I'm trying to create a Machine Learning job multi-metric job. Upon the last step of clicking the Create Job button, I get the error in the red box at the top of the page.

Save failed: [remote_transport_exception][someinstance][anIP and port][cluster:admin/xpack/ml/job/put]

What do I do with this information?
How do I fix this?

thanks,
Tim

Hi Tim, what's the full error message seen in elasticsearch.log when this error occurs? There might be better clues in there. Also, briefly describe your setup (are you running a test cluster on your laptop, etc.?)

Hi Rich,

I'm running this in my production cluster, the actual error is this,
Save failed: [remote_transport_exception] [ldxx90elk16-isgeis][204.54.165.114:9300][cluster:admin/xpack/ml/job/put]

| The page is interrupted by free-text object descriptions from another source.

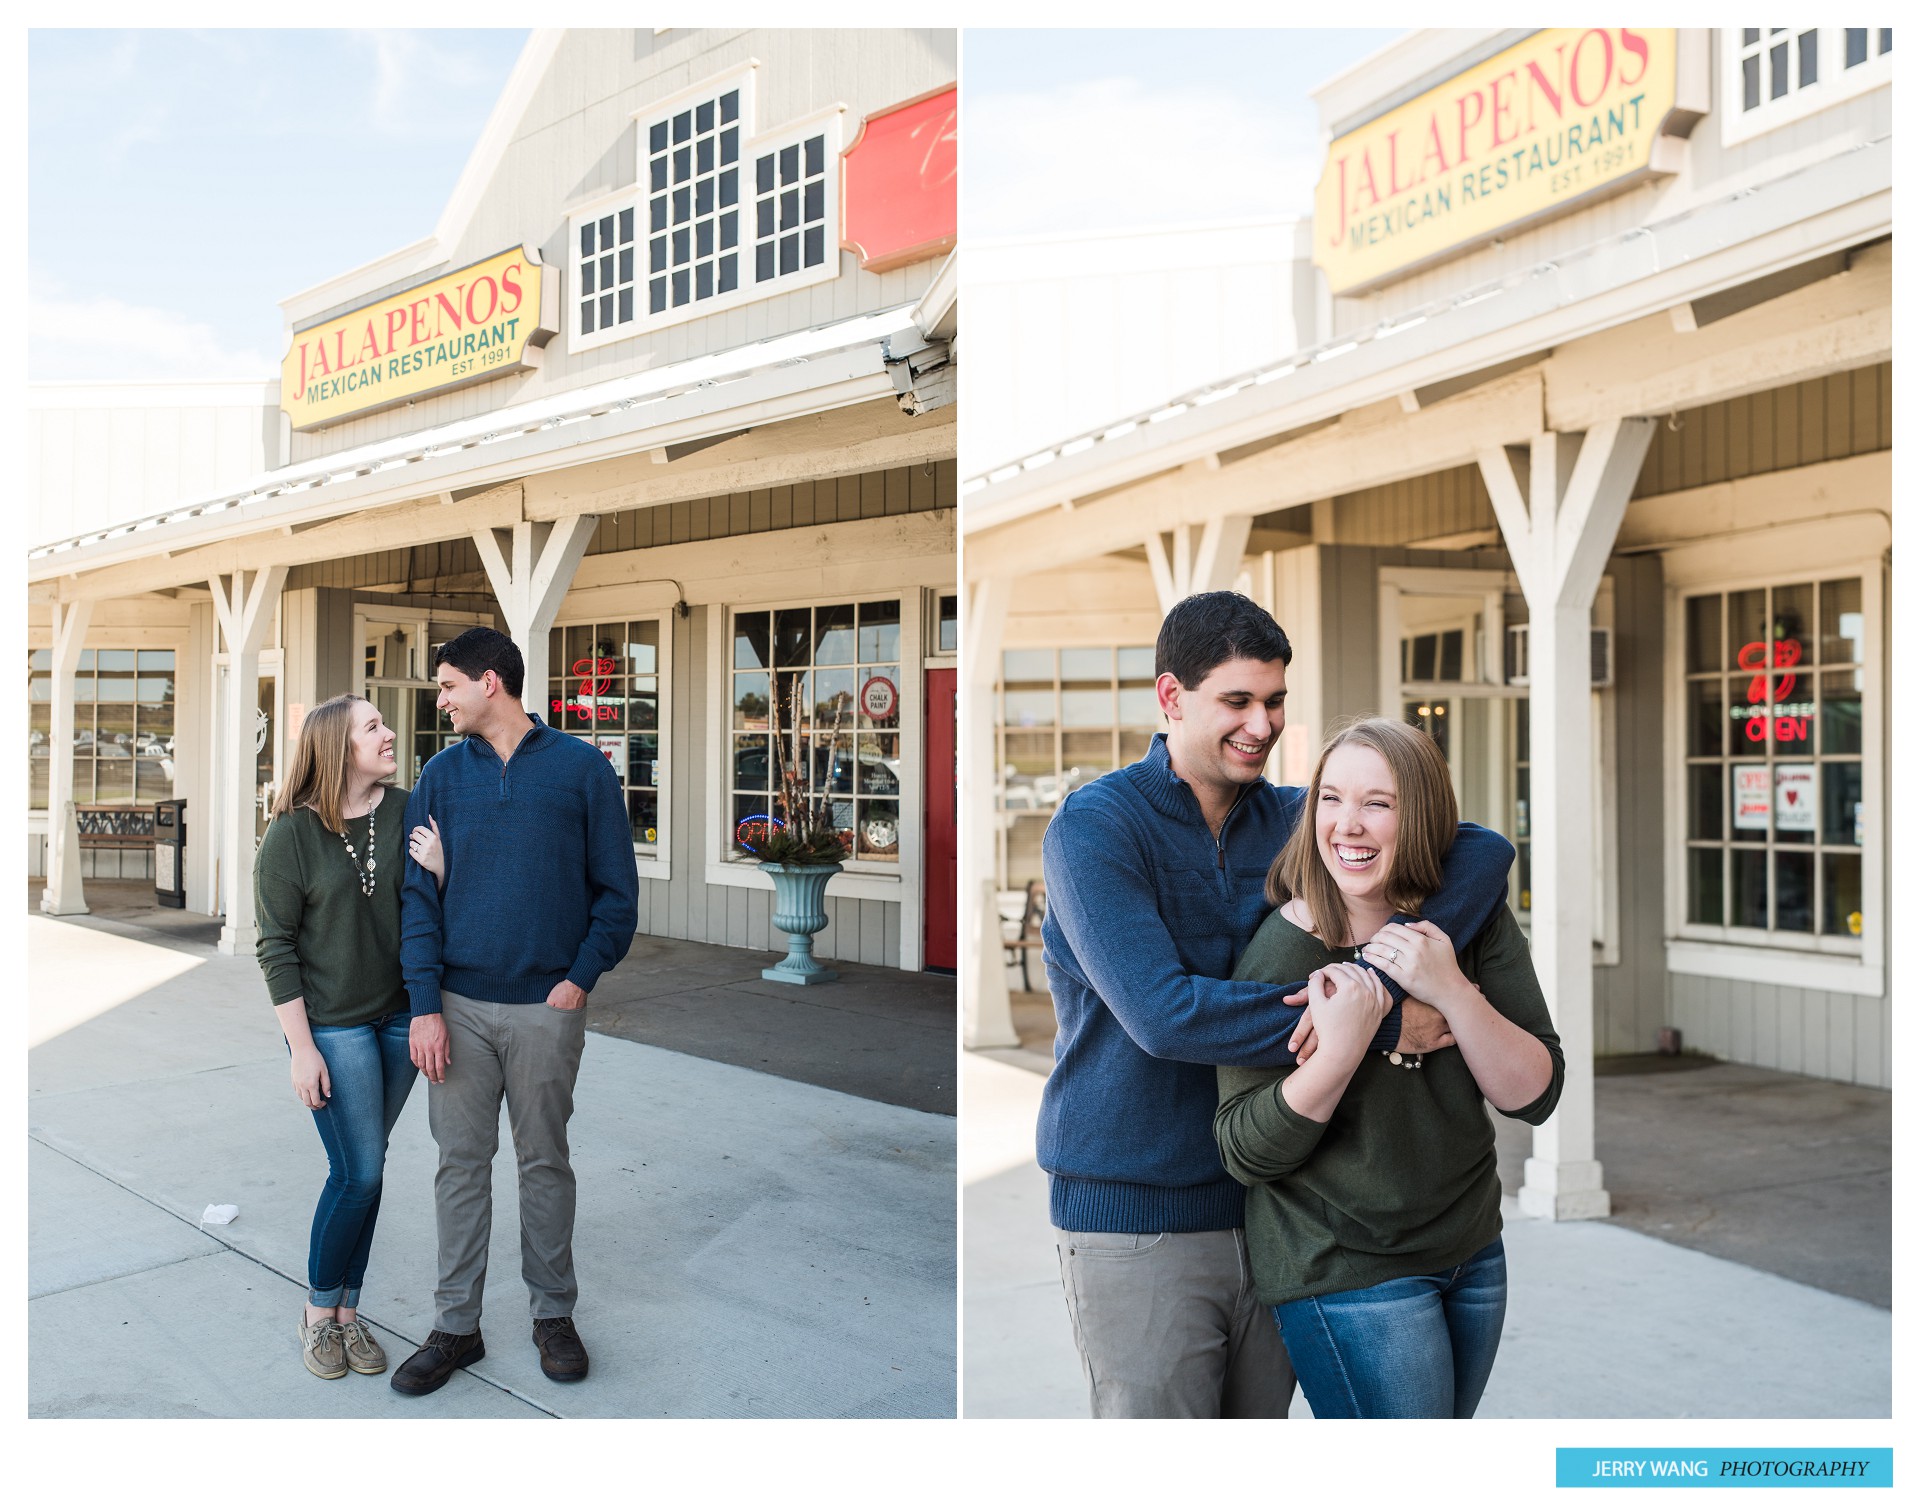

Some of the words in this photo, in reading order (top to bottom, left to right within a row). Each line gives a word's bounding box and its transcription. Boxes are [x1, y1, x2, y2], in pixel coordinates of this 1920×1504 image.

[1330, 28, 1649, 247] JALAPENOS
[1350, 183, 1451, 251] MEXICAN
[1461, 94, 1646, 205] RESTAURANT
[1593, 142, 1635, 174] 1991
[293, 262, 523, 401] JALAPENOS
[307, 363, 382, 406] MEXICAN
[388, 317, 520, 380] RESTAURANT
[481, 346, 512, 367] 1991
[869, 694, 888, 702] CHALK

I have looked on this server and I do not see an error logged. Is there somewhere else that I should look for an error.

This appears to be a problem the more data that the job is looking at. In this example, I'm looking at stats from all Queues on a IBM MQ Queue manager. If reduce my initial query to look at one specific queue it works well. So, is this something with my ES cluster, and if so what do I need to do to make it work.

thanks,
Tim

Tim,

There indeed should be the similar error listed in elasticsearch.log - not sure why you aren't seeing it.

Anyway - if you're successfully running a job with one specific queue, but it isn't working for more than one queue, then I think something must be wrong with either:

  1. the configuration of the job itself
  2. the query for the raw data for the job (a.k.a the "datafeed")

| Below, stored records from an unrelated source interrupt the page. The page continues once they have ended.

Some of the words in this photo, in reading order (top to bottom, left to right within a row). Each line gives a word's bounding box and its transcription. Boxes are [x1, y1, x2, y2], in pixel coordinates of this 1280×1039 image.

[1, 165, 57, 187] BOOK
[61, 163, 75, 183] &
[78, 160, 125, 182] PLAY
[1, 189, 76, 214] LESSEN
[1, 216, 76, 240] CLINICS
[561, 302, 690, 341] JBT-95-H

To help understand things, to get information on 1 and 2 above, you please execute and post the results of the following two commands:

  1. curl -u elastic:changeme -XGET 'localhost:9200/_xpack/ml/anomaly_detectors/jobname?pretty'
  2. curl -u elastic:changeme -XGET 'localhost:9200/_xpack/ml/datafeeds/datafeed-jobname?pretty'

replacing "jobname" with the name of the job that isn't working for you.

Post the response JSON (redact any private info as necessary) - Then, we'll take a look

Rich,
The problem is that the job isn't even being created the "Save Failed" appears at the top of the page.

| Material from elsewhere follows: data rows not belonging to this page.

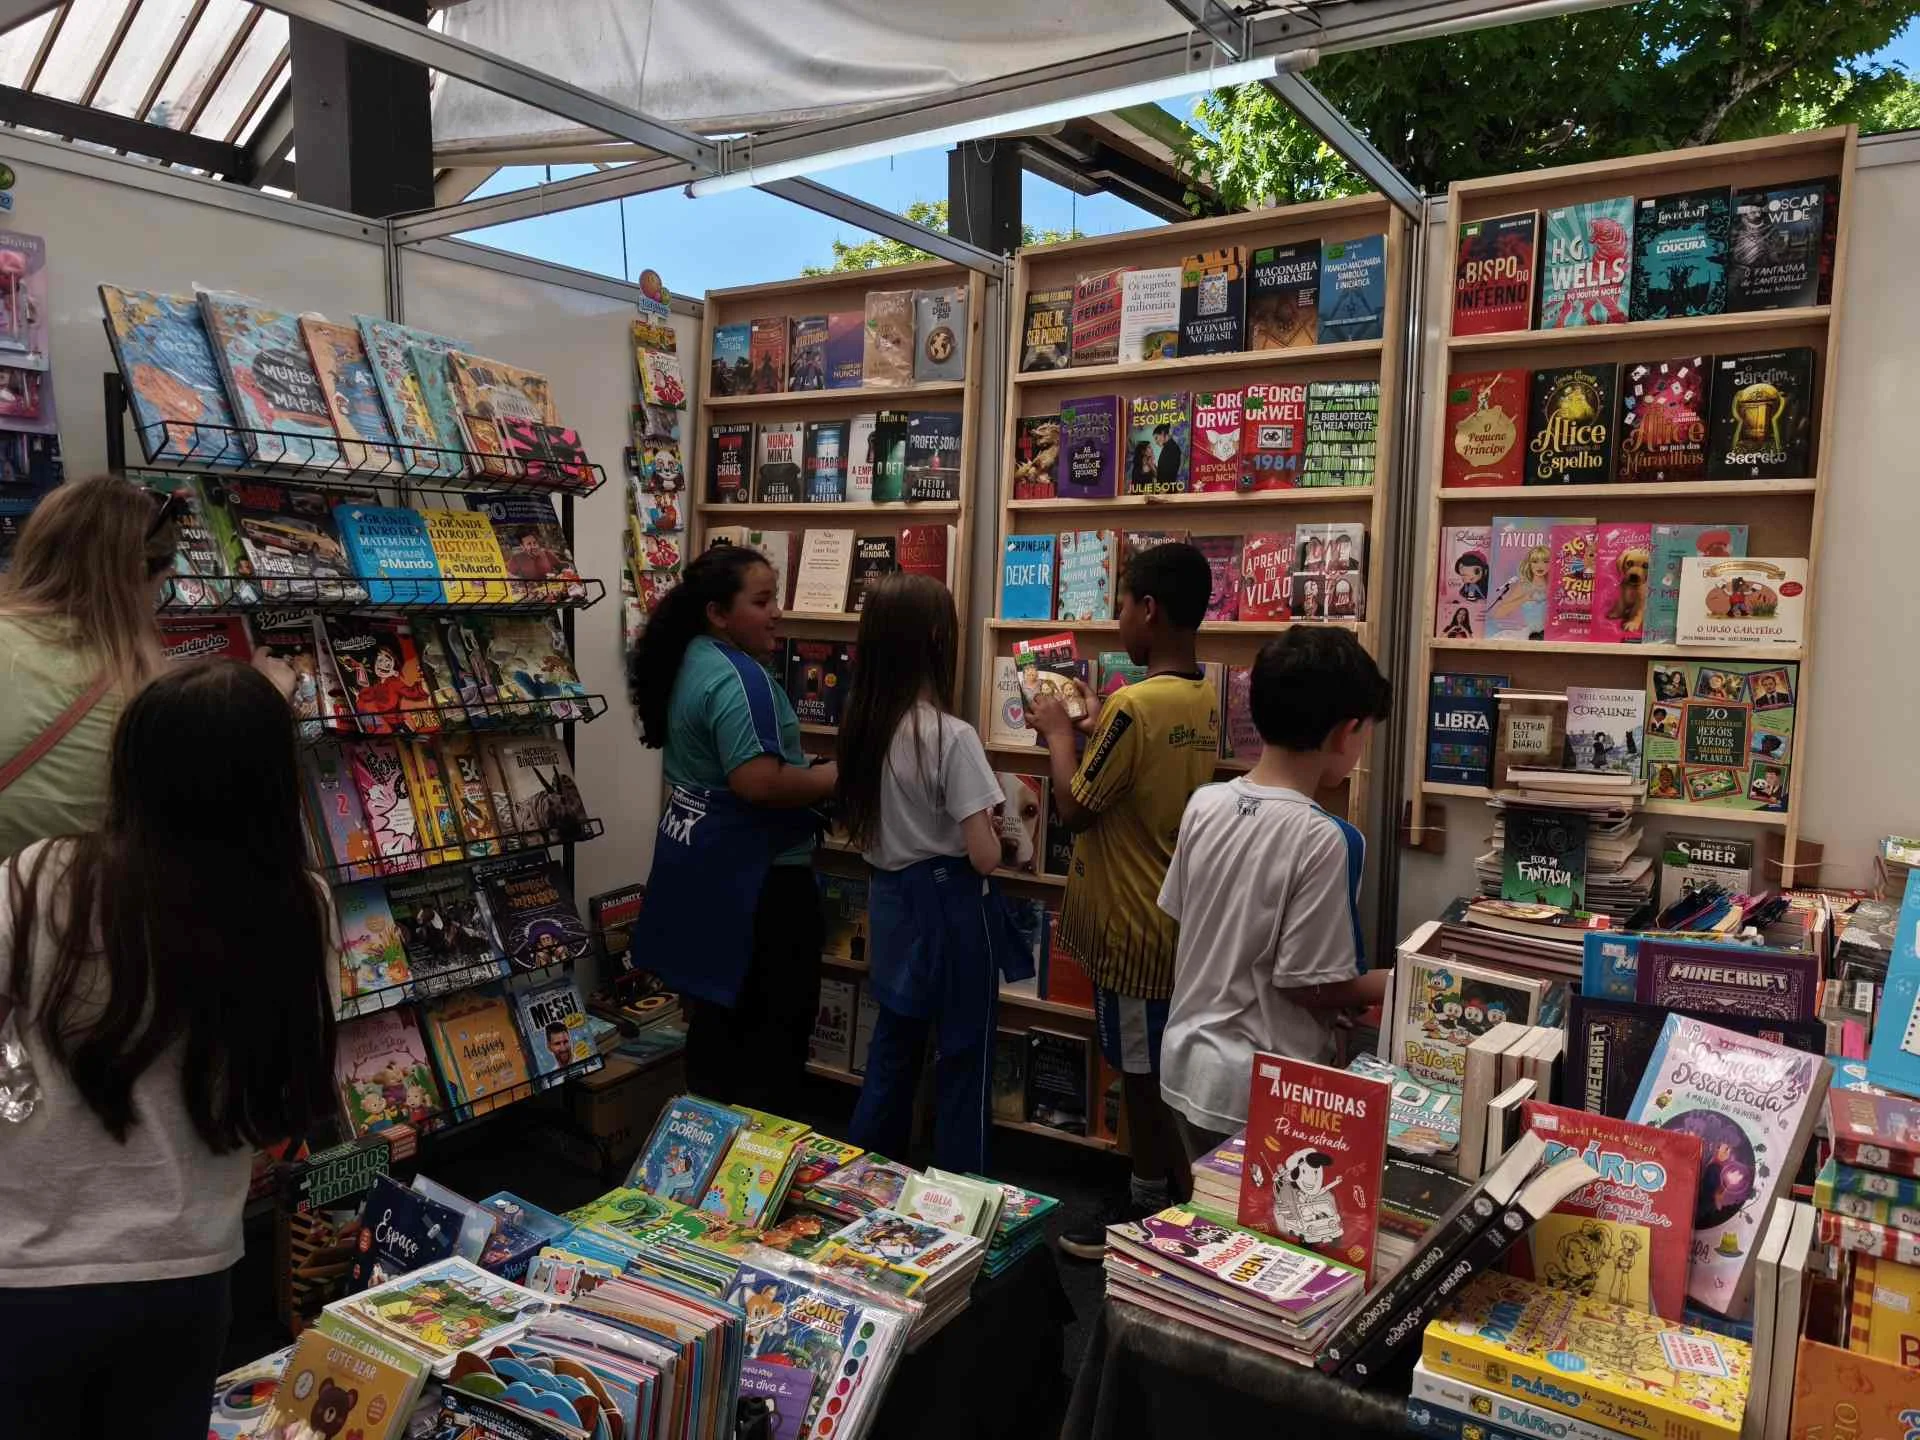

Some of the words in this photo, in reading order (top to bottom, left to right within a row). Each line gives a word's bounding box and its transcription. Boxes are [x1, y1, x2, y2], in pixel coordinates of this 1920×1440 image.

[1769, 193, 1819, 211] OSCAR
[1768, 208, 1810, 225] WILDE
[1656, 240, 1707, 254] LOUCURA
[1255, 260, 1318, 278] MAÇONARIA
[1466, 256, 1517, 284] BISPO
[1551, 257, 1626, 291] WELLS
[1754, 264, 1806, 277] FANTASMA
[1078, 277, 1111, 299] QUEM
[1141, 280, 1177, 292] segredos
[1259, 275, 1275, 287] NO
[1277, 272, 1313, 285] BRASIL
[1456, 283, 1528, 310] INFERNO
[1076, 299, 1114, 322] PENSA
[1126, 300, 1176, 313] milionária
[1185, 321, 1239, 337] MAÇONARIA
[1190, 333, 1203, 344] NO
[1203, 331, 1232, 343] BRASIL
[1734, 367, 1788, 386] Jardim
[1133, 398, 1159, 413] NÃO
[1161, 399, 1177, 410] ME
[1133, 413, 1186, 427] ESQUEÇA
[1321, 412, 1373, 421] BIBLIOTECA
[1324, 421, 1373, 430] MEIA-NOITE
[1530, 408, 1606, 453] Alice
[767, 432, 794, 449] NUNCA
[910, 434, 960, 450] PROFESSORA
[1467, 432, 1507, 444] Pequeno
[767, 447, 793, 463] MINTA
[1253, 454, 1297, 471] 1984
[1620, 452, 1705, 475] Maravilhas
[1724, 450, 1788, 465] Secreto
[1537, 450, 1603, 479] Espelho
[1128, 482, 1153, 494] JULIE
[1156, 481, 1185, 492] SOTO
[438, 519, 485, 530] GRANDE
[359, 535, 427, 547] MATEMÁTICA
[430, 529, 463, 539] LIVRO
[1500, 532, 1543, 548] TAYLOR
[433, 539, 496, 553] HISTÓRIA
[859, 550, 890, 559] HENDRIX
[388, 559, 434, 569] Mundo
[1246, 546, 1295, 573] APRENDI
[462, 563, 502, 574] Mundo
[1005, 564, 1035, 586] DEIXE
[1037, 562, 1051, 586] IR
[1247, 576, 1293, 607] VILÃO
[1706, 625, 1731, 635] URSO
[1578, 692, 1597, 701] NEIL
[1599, 693, 1635, 703] GAIMAN
[1434, 711, 1490, 730] LIBRA
[1573, 705, 1637, 719] CORALINE
[1705, 708, 1729, 720] 20
[1697, 725, 1733, 738] HERÓIS
[1695, 736, 1734, 748] VERDES
[1701, 753, 1733, 764] PLANETA
[1677, 841, 1736, 864] SABER
[1517, 861, 1571, 888] FANTASIA
[1669, 961, 1788, 991] MINECRAFT
[530, 992, 579, 1031] MESSI
[1671, 1062, 1784, 1114] Desastrada
[1270, 1079, 1367, 1118] AVENTURAS
[1283, 1103, 1298, 1116] DE
[1300, 1105, 1343, 1133] MIKE
[669, 1120, 714, 1145] DORMIR
[1559, 1124, 1589, 1137] Rachel
[1622, 1134, 1657, 1155] Russell
[1308, 1132, 1350, 1152] estrada
[375, 1208, 420, 1258] Espaço
[1411, 1247, 1444, 1281] CADERNO
[1438, 1260, 1473, 1295] CADERNO
[326, 1349, 352, 1370] CUTE
[353, 1357, 377, 1379] BEAR
[756, 1380, 777, 1392] diva
[1510, 1373, 1583, 1408] DIÁRIO
[1497, 1405, 1568, 1439] DIÁRIO

I have included the job output you requested but it's for the job that works. This is only looking at one queue out of hundreds. I'm trying to create a job that looks at all queues. I have a suspicion this data set size is what's causing this issue. When you say look at the log, on which system would that be? I have looked on the Kibana servers, in their ES instance and the one in the error message and haven't found any activity.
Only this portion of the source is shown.